Your objective.
Could you write out each entry exactly as it reads?

Data entries
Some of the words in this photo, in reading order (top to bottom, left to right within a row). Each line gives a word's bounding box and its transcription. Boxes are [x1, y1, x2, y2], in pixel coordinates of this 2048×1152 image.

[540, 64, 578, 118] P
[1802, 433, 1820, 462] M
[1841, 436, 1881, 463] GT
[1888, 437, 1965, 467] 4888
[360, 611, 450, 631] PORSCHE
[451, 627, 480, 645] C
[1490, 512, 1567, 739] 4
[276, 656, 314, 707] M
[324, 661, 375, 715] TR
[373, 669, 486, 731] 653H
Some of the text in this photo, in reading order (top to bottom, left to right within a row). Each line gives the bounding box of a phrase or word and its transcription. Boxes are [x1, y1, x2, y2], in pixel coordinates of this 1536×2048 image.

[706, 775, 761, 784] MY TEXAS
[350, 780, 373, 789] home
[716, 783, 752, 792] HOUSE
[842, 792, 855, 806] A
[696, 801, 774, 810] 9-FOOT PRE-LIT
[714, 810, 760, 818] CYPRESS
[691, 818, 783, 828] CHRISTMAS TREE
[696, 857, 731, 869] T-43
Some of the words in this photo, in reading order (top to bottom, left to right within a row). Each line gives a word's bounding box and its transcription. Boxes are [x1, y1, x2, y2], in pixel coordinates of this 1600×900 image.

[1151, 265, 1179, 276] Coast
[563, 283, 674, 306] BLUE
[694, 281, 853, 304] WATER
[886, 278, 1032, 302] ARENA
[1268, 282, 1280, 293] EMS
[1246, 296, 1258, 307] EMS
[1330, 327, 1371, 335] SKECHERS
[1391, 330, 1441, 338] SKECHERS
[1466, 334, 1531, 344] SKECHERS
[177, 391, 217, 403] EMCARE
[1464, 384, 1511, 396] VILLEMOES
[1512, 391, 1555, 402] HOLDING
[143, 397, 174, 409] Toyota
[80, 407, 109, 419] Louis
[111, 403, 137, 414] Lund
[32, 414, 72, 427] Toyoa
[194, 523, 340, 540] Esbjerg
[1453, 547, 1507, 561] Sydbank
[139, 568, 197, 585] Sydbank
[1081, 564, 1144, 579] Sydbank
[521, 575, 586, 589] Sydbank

Completed task.
Some of the words in this photo, in reading order (top to bottom, left to right within a row). Each line gives a word's bounding box and its transcription. Boxes are [x1, y1, x2, y2], in pixel coordinates of this 2048×1152 image.

[540, 64, 578, 118] P
[1802, 433, 1820, 462] M
[1841, 436, 1881, 463] GT
[1888, 437, 1965, 467] 4888
[360, 611, 450, 631] PORSCHE
[451, 627, 480, 645] C
[1490, 512, 1567, 739] 4
[276, 656, 314, 707] M
[324, 661, 375, 715] TR
[373, 669, 486, 731] 653H
Some of the text in this photo, in reading order (top to bottom, left to right within a row). Each line gives the bounding box of a phrase or word and its transcription. Boxes are [x1, y1, x2, y2], in pixel coordinates of this 1536×2048 image.

[706, 775, 761, 784] MY TEXAS
[350, 780, 373, 789] home
[716, 783, 752, 792] HOUSE
[842, 792, 855, 806] A
[696, 801, 774, 810] 9-FOOT PRE-LIT
[714, 810, 760, 818] CYPRESS
[691, 818, 783, 828] CHRISTMAS TREE
[696, 857, 731, 869] T-43
Some of the words in this photo, in reading order (top to bottom, left to right within a row). Each line gives a word's bounding box and its transcription. Boxes are [x1, y1, x2, y2], in pixel coordinates of this 1600×900 image.

[1151, 265, 1179, 276] Coast
[563, 283, 674, 306] BLUE
[694, 281, 853, 304] WATER
[886, 278, 1032, 302] ARENA
[1268, 282, 1280, 293] EMS
[1246, 296, 1258, 307] EMS
[1330, 327, 1371, 335] SKECHERS
[1391, 330, 1441, 338] SKECHERS
[1466, 334, 1531, 344] SKECHERS
[177, 391, 217, 403] EMCARE
[1464, 384, 1511, 396] VILLEMOES
[1512, 391, 1555, 402] HOLDING
[143, 397, 174, 409] Toyota
[80, 407, 109, 419] Louis
[111, 403, 137, 414] Lund
[32, 414, 72, 427] Toyoa
[194, 523, 340, 540] Esbjerg
[1453, 547, 1507, 561] Sydbank
[139, 568, 197, 585] Sydbank
[1081, 564, 1144, 579] Sydbank
[521, 575, 586, 589] Sydbank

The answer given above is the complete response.